Depuis quelques jours, le mouvement “Blockout” appelle à bloquer massivement les influenceur·euses et célébrités qui ne prennent pas position pour la cause palestinienne. Décryptage avec la doctorante en sciences de la communication, Anaëlle Gonzalez.
Guillotine numérique ou révolte digitale ? Voici quelques jours maintenant que la presse française s’est emparée du mouvement Blockout2024. Né sur TikTok début mai, le hashtag désigne le fait d’appeler à boycotter et à bloquer massivement, sur les réseaux sociaux, des influenceur·euses et personnalités publiques, car elles et ils ne prennent pas, ou pas suffisamment, position publiquement pour la cause palestinienne et la situation humanitaire catastrophique à Gaza notamment. Concrètement, on leur reproche leur manque d’engagement et leur déconnexion.

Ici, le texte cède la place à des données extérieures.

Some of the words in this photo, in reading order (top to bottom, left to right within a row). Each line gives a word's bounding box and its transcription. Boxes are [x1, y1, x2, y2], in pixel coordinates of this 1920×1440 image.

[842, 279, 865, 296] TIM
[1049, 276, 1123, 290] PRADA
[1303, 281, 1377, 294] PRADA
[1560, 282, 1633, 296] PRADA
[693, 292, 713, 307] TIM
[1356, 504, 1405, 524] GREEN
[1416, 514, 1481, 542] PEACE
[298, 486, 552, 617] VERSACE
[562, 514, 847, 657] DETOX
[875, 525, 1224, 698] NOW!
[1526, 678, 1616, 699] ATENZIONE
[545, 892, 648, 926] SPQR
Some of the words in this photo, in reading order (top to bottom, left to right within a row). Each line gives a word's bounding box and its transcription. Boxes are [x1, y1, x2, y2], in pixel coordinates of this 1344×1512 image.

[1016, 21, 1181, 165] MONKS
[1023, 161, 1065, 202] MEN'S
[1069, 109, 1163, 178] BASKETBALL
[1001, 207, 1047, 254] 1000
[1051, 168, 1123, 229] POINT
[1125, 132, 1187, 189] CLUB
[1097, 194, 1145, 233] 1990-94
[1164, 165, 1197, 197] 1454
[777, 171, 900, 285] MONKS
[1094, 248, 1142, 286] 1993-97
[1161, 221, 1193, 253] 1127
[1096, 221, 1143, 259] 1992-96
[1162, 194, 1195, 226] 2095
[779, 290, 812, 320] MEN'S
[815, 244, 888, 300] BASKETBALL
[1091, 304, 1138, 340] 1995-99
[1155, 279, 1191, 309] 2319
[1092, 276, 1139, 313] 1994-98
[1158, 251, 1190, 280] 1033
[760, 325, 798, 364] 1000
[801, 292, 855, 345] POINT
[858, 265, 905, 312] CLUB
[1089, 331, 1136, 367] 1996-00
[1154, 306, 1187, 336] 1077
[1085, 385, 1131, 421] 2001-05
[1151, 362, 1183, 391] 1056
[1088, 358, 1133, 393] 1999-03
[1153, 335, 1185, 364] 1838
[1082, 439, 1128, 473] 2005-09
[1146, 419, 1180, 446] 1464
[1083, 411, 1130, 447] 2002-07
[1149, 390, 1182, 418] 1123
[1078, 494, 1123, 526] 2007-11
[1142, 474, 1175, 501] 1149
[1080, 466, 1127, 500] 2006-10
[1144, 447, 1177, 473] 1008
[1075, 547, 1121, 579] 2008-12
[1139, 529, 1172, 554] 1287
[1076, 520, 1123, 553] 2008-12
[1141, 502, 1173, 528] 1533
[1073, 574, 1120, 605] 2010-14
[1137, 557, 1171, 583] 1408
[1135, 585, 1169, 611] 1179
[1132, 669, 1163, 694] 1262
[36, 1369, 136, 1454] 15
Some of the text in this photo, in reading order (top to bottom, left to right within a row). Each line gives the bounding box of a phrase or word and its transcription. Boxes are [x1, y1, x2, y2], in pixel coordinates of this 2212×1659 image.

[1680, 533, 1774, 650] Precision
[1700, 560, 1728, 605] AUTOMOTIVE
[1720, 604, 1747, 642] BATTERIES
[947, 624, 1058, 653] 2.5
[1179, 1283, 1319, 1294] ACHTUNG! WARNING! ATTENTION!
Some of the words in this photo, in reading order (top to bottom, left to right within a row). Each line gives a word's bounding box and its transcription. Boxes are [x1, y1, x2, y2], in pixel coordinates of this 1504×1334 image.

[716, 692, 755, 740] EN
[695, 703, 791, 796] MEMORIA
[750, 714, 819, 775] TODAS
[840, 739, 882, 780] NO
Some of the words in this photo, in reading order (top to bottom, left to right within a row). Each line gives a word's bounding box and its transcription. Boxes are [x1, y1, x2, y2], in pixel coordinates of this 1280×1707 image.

Tout est parti d’une petite référence balancée sur le tapis rouge du Met Gala, le 6 mai dernier à New York, aux États-Unis. Date qui coïncide avec le lancement de l’offensive de l’armée israélienne sur Rafah, dans le sud de la bande de Gaza, après l’échec d’un accord de trêve entre le Hamas et le gouvernement de Netanyahou. L’offensive sur cette ville, jusqu’ici relativement épargnée par les bombardements, qui avait servi d’ultime refuge pour les Palestinien·nes du nord de l’enclave, a soulevé l’indignation sur les réseaux sociaux. Une indignation décuplée lorsque l’influenceuse américaine, Haley Kalil, dans un costume fleuri en clin d’œil à Marie-Antoinette, publie une vidéo sur TikTok avant son arrivée sur le red carpet du Met Gala. On la voit costumée reprendre les paroles d’un son viral sur le réseau social : “Let them eat cake” (Qu’ils mangent de la brioche), en référence à la célèbre phrase que la légende attribue à la reine de France – qui l’aurait prononcé face à la foule affamée qui marchait sur Versailles.
"Pas d'engagement, pas d'argent"
La vidéo d’Haley Kalil, supprimée depuis, provoque immédiatement la polémique. Certain·es de ses abonné·es établissent un parallèle entre le mépris de cette phrase et le contexte de Rafah. Les réseaux sociaux s’embrasent, TikTok en tête. D’autant plus que le Met Gala, où se retrouvent des personnes triées sur le volet ou pouvant se permettre de dépenser 15 000 dollars pour y assister, est souvent qualifié d’élitiste, soulignant les inégalités de richesse. Haley Kalil supprime sa vidéo, mais trop tard, sa tête est mise à prix numériquement.
Sur les réseaux sociaux, plusieurs comptes américains dressent ainsi des listes de personnalités qu’il faudrait boycotter et bloquer pour leur inaction. Sur le compte X, BlockoutNOW, l’acteur de Friends, David Schwimmer, est ainsi jugé “complice” de la situation à Gaza. Tout comme le phénomène planétaire Taylor Swift, l’acteur Timothee Chalamet ou le footballeur Cristiano Ronaldo. À chaque post, le compte anonyme indique les différents réseaux sociaux des célébrités à bloquer et mentionne cette phrase : “Nous n’avons pas besoin d’eux, ils ont besoin de nous. Pas d’engagement, pas d’argent.”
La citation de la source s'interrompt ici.